» **SOURCE MATERIAL**:
____

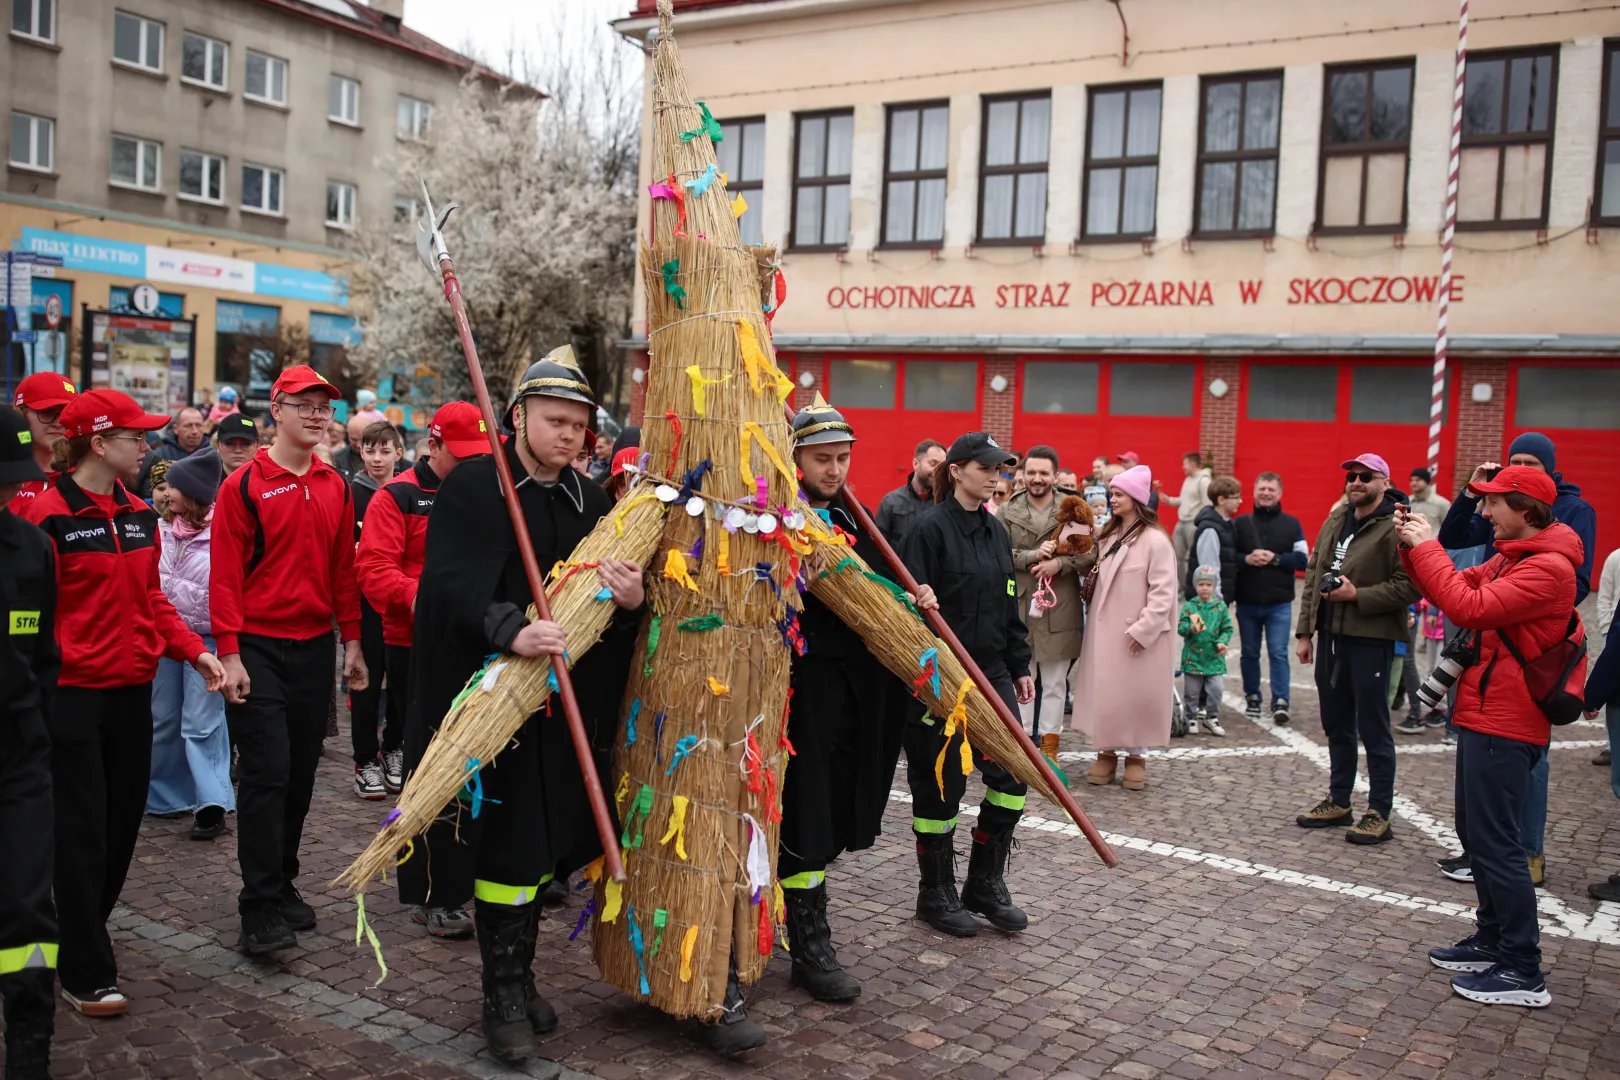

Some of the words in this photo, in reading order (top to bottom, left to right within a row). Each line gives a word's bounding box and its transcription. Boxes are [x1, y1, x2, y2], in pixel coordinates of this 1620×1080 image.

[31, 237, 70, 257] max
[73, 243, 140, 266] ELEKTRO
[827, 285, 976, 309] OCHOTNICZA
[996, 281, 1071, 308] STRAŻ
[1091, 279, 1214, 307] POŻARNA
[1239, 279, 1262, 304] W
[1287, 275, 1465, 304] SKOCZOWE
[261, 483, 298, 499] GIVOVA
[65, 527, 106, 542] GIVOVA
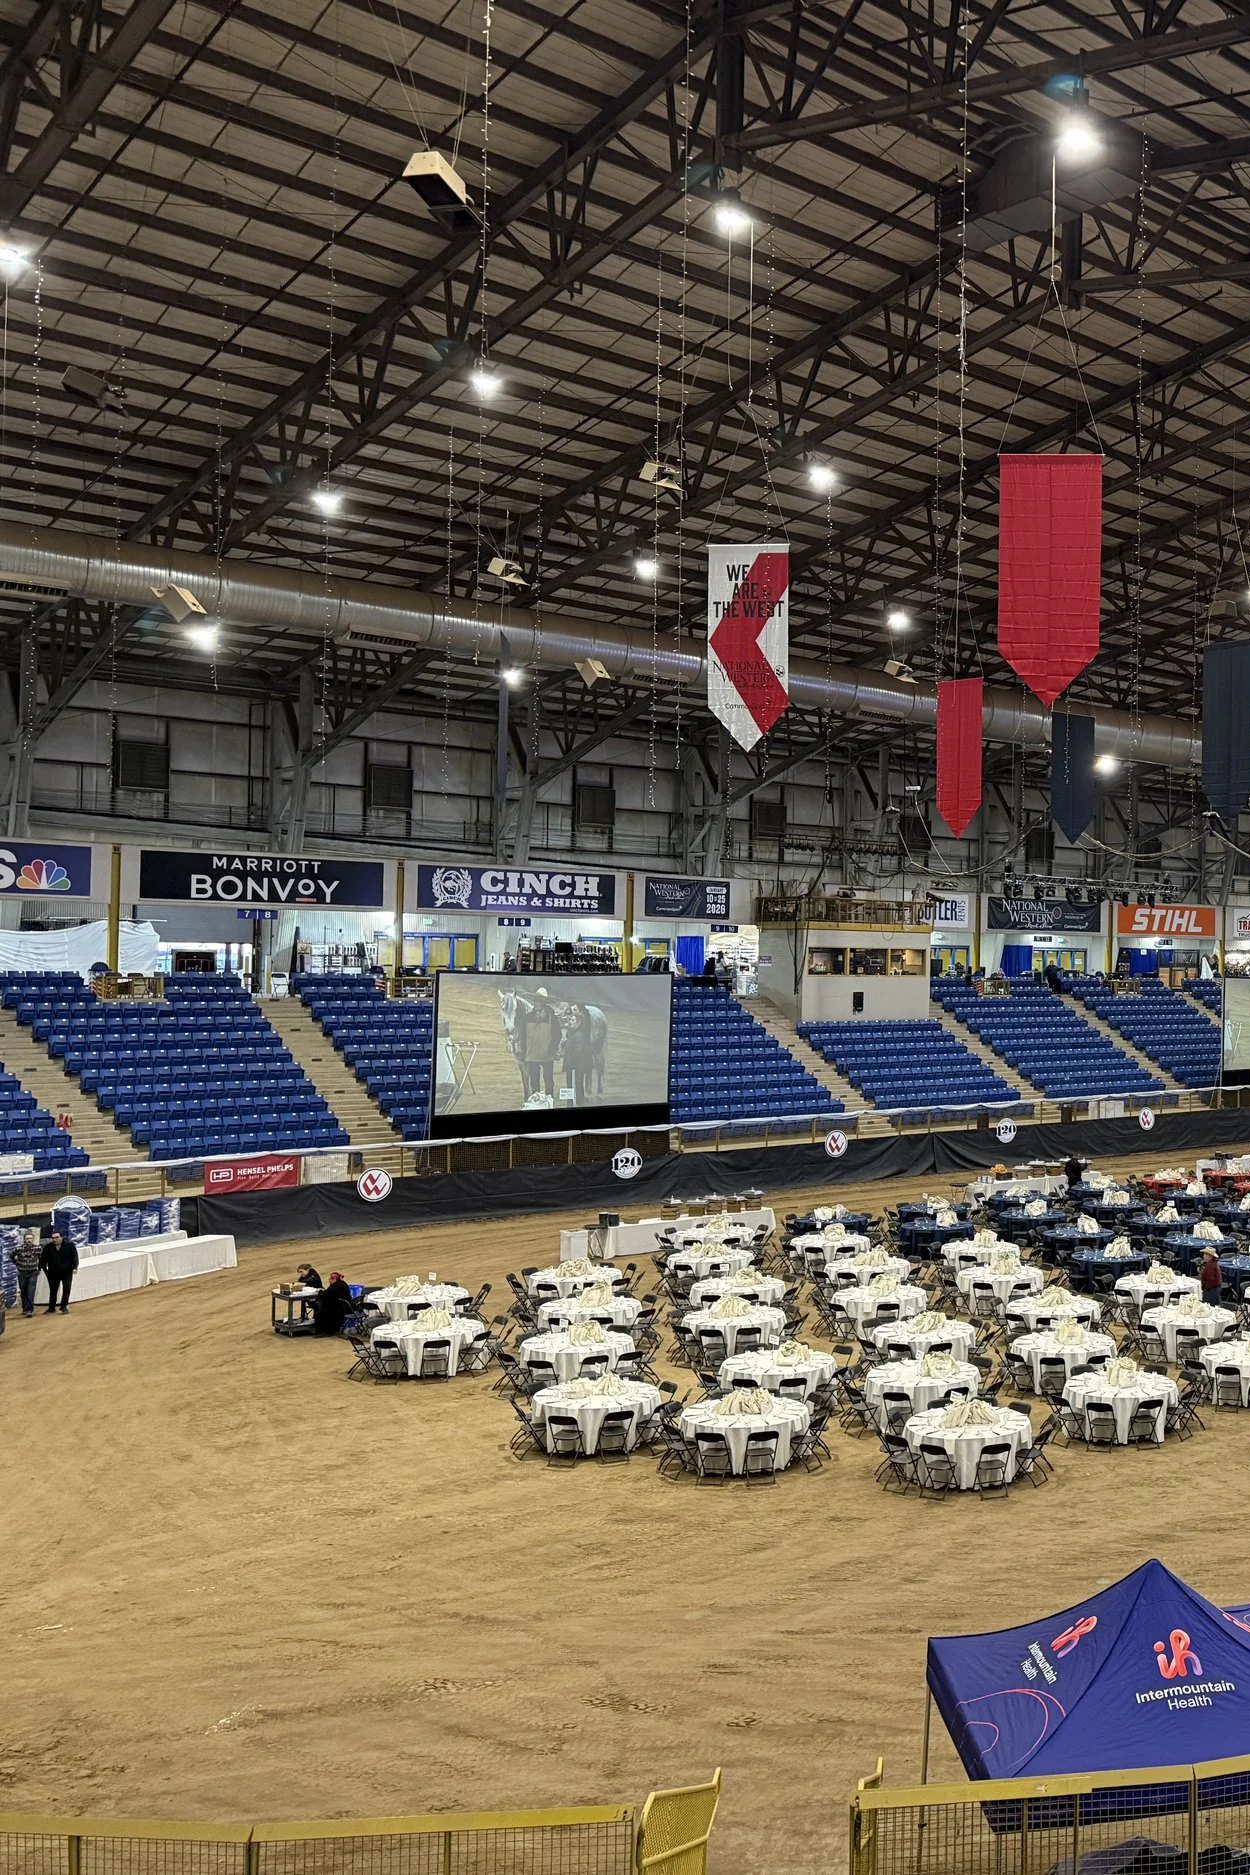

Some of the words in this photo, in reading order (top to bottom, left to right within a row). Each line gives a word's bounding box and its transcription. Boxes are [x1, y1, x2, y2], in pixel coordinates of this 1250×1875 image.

____

» **EXERCISE DETAILS**:
Give back each entry exactly as it appears, with no pictures.

» **EXPECTED ANSWER**:
Some of the words in this photo, in reading order (top to bottom, left to right within a row). Each line gives a word's bounding box and its transcription. Boxes are [x1, y1, x2, y2], in pixel coordinates of this 1620×1080 image.

[31, 237, 70, 257] max
[73, 243, 140, 266] ELEKTRO
[827, 285, 976, 309] OCHOTNICZA
[996, 281, 1071, 308] STRAŻ
[1091, 279, 1214, 307] POŻARNA
[1239, 279, 1262, 304] W
[1287, 275, 1465, 304] SKOCZOWE
[261, 483, 298, 499] GIVOVA
[65, 527, 106, 542] GIVOVA

Some of the words in this photo, in reading order (top to bottom, left to right within a row). Each line gives a word's bounding box and its transcription. Boxes are [x1, y1, x2, y2], in pixel coordinates of this 1250×1875 image.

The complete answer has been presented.